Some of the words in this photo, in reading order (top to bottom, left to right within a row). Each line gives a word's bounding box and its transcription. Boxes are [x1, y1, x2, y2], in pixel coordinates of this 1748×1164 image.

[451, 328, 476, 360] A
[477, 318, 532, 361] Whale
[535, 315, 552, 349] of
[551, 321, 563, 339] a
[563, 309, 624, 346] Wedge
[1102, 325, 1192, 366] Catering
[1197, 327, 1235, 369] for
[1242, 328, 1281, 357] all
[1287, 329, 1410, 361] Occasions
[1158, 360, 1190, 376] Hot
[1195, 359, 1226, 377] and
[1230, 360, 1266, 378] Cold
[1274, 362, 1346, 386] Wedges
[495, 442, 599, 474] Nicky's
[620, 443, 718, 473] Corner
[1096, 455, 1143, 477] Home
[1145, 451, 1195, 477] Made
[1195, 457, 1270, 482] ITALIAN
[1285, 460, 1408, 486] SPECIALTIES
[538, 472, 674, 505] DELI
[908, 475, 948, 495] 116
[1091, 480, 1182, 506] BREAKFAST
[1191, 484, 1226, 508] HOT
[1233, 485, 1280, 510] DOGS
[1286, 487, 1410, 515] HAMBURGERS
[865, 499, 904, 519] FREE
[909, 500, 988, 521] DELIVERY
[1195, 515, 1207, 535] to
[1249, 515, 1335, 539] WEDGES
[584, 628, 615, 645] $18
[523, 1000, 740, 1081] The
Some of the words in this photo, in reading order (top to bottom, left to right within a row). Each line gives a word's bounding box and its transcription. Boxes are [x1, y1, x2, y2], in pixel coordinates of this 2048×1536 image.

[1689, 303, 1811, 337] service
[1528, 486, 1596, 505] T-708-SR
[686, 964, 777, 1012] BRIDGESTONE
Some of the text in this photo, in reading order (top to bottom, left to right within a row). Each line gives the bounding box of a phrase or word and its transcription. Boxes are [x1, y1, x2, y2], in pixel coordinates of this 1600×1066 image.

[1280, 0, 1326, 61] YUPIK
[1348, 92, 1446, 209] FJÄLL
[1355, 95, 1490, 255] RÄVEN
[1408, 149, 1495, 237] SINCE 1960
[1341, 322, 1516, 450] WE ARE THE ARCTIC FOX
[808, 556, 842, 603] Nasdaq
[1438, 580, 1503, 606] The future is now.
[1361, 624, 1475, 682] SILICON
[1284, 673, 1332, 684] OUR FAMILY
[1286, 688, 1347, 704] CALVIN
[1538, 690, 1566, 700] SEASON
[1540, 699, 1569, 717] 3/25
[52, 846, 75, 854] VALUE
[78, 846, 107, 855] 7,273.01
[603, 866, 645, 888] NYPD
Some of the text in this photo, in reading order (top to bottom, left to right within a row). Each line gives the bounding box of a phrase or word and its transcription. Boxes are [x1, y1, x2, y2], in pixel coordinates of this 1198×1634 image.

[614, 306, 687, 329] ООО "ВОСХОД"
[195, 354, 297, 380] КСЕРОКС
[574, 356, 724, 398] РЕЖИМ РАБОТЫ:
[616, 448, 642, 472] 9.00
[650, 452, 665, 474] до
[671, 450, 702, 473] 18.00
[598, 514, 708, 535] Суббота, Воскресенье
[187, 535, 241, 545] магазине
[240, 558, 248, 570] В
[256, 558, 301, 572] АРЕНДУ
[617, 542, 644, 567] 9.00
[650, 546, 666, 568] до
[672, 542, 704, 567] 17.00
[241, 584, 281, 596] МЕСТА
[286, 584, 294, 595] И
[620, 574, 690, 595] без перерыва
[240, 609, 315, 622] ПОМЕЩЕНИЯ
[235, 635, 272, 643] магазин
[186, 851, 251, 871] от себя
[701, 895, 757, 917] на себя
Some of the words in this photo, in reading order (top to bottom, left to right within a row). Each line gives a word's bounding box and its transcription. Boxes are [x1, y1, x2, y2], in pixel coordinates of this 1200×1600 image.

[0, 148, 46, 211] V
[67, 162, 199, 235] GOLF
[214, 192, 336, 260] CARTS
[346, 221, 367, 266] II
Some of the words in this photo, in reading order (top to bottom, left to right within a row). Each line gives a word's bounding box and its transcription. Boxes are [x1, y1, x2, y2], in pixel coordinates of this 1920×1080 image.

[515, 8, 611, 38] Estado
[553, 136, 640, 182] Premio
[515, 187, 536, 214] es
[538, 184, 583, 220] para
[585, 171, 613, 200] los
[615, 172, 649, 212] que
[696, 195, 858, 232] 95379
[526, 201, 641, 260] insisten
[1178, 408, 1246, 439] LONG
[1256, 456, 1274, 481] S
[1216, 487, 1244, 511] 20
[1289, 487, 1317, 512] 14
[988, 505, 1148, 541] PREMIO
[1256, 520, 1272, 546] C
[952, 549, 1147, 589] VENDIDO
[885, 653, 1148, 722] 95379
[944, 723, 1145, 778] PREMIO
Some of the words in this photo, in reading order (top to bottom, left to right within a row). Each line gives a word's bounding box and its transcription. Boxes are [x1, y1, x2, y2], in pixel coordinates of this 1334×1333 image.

WHAT TO PRODUCE: Transcribe the data above completely and exactly.

EXERCISE RESULT:
Some of the words in this photo, in reading order (top to bottom, left to right within a row). Each line gives a word's bounding box and its transcription. Boxes are [x1, y1, x2, y2], in pixel coordinates of this 1748×1164 image.

[451, 328, 476, 360] A
[477, 318, 532, 361] Whale
[535, 315, 552, 349] of
[551, 321, 563, 339] a
[563, 309, 624, 346] Wedge
[1102, 325, 1192, 366] Catering
[1197, 327, 1235, 369] for
[1242, 328, 1281, 357] all
[1287, 329, 1410, 361] Occasions
[1158, 360, 1190, 376] Hot
[1195, 359, 1226, 377] and
[1230, 360, 1266, 378] Cold
[1274, 362, 1346, 386] Wedges
[495, 442, 599, 474] Nicky's
[620, 443, 718, 473] Corner
[1096, 455, 1143, 477] Home
[1145, 451, 1195, 477] Made
[1195, 457, 1270, 482] ITALIAN
[1285, 460, 1408, 486] SPECIALTIES
[538, 472, 674, 505] DELI
[908, 475, 948, 495] 116
[1091, 480, 1182, 506] BREAKFAST
[1191, 484, 1226, 508] HOT
[1233, 485, 1280, 510] DOGS
[1286, 487, 1410, 515] HAMBURGERS
[865, 499, 904, 519] FREE
[909, 500, 988, 521] DELIVERY
[1195, 515, 1207, 535] to
[1249, 515, 1335, 539] WEDGES
[584, 628, 615, 645] $18
[523, 1000, 740, 1081] The
Some of the words in this photo, in reading order (top to bottom, left to right within a row). Each line gives a word's bounding box and its transcription. Boxes are [x1, y1, x2, y2], in pixel coordinates of this 2048×1536 image.

[1689, 303, 1811, 337] service
[1528, 486, 1596, 505] T-708-SR
[686, 964, 777, 1012] BRIDGESTONE
Some of the text in this photo, in reading order (top to bottom, left to right within a row). Each line gives the bounding box of a phrase or word and its transcription. Boxes are [x1, y1, x2, y2], in pixel coordinates of this 1600×1066 image.

[1280, 0, 1326, 61] YUPIK
[1348, 92, 1446, 209] FJÄLL
[1355, 95, 1490, 255] RÄVEN
[1408, 149, 1495, 237] SINCE 1960
[1341, 322, 1516, 450] WE ARE THE ARCTIC FOX
[808, 556, 842, 603] Nasdaq
[1438, 580, 1503, 606] The future is now.
[1361, 624, 1475, 682] SILICON
[1284, 673, 1332, 684] OUR FAMILY
[1286, 688, 1347, 704] CALVIN
[1538, 690, 1566, 700] SEASON
[1540, 699, 1569, 717] 3/25
[52, 846, 75, 854] VALUE
[78, 846, 107, 855] 7,273.01
[603, 866, 645, 888] NYPD
Some of the text in this photo, in reading order (top to bottom, left to right within a row). Each line gives the bounding box of a phrase or word and its transcription. Boxes are [x1, y1, x2, y2], in pixel coordinates of this 1198×1634 image.

[614, 306, 687, 329] ООО "ВОСХОД"
[195, 354, 297, 380] КСЕРОКС
[574, 356, 724, 398] РЕЖИМ РАБОТЫ:
[616, 448, 642, 472] 9.00
[650, 452, 665, 474] до
[671, 450, 702, 473] 18.00
[598, 514, 708, 535] Суббота, Воскресенье
[187, 535, 241, 545] магазине
[240, 558, 248, 570] В
[256, 558, 301, 572] АРЕНДУ
[617, 542, 644, 567] 9.00
[650, 546, 666, 568] до
[672, 542, 704, 567] 17.00
[241, 584, 281, 596] МЕСТА
[286, 584, 294, 595] И
[620, 574, 690, 595] без перерыва
[240, 609, 315, 622] ПОМЕЩЕНИЯ
[235, 635, 272, 643] магазин
[186, 851, 251, 871] от себя
[701, 895, 757, 917] на себя
Some of the words in this photo, in reading order (top to bottom, left to right within a row). Each line gives a word's bounding box and its transcription. Boxes are [x1, y1, x2, y2], in pixel coordinates of this 1200×1600 image.

[0, 148, 46, 211] V
[67, 162, 199, 235] GOLF
[214, 192, 336, 260] CARTS
[346, 221, 367, 266] II
Some of the words in this photo, in reading order (top to bottom, left to right within a row). Each line gives a word's bounding box and its transcription. Boxes are [x1, y1, x2, y2], in pixel coordinates of this 1920×1080 image.

[515, 8, 611, 38] Estado
[553, 136, 640, 182] Premio
[515, 187, 536, 214] es
[538, 184, 583, 220] para
[585, 171, 613, 200] los
[615, 172, 649, 212] que
[696, 195, 858, 232] 95379
[526, 201, 641, 260] insisten
[1178, 408, 1246, 439] LONG
[1256, 456, 1274, 481] S
[1216, 487, 1244, 511] 20
[1289, 487, 1317, 512] 14
[988, 505, 1148, 541] PREMIO
[1256, 520, 1272, 546] C
[952, 549, 1147, 589] VENDIDO
[885, 653, 1148, 722] 95379
[944, 723, 1145, 778] PREMIO
Some of the words in this photo, in reading order (top to bottom, left to right within a row). Each line gives a word's bounding box and its transcription. Boxes are [x1, y1, x2, y2], in pixel coordinates of this 1334×1333 image.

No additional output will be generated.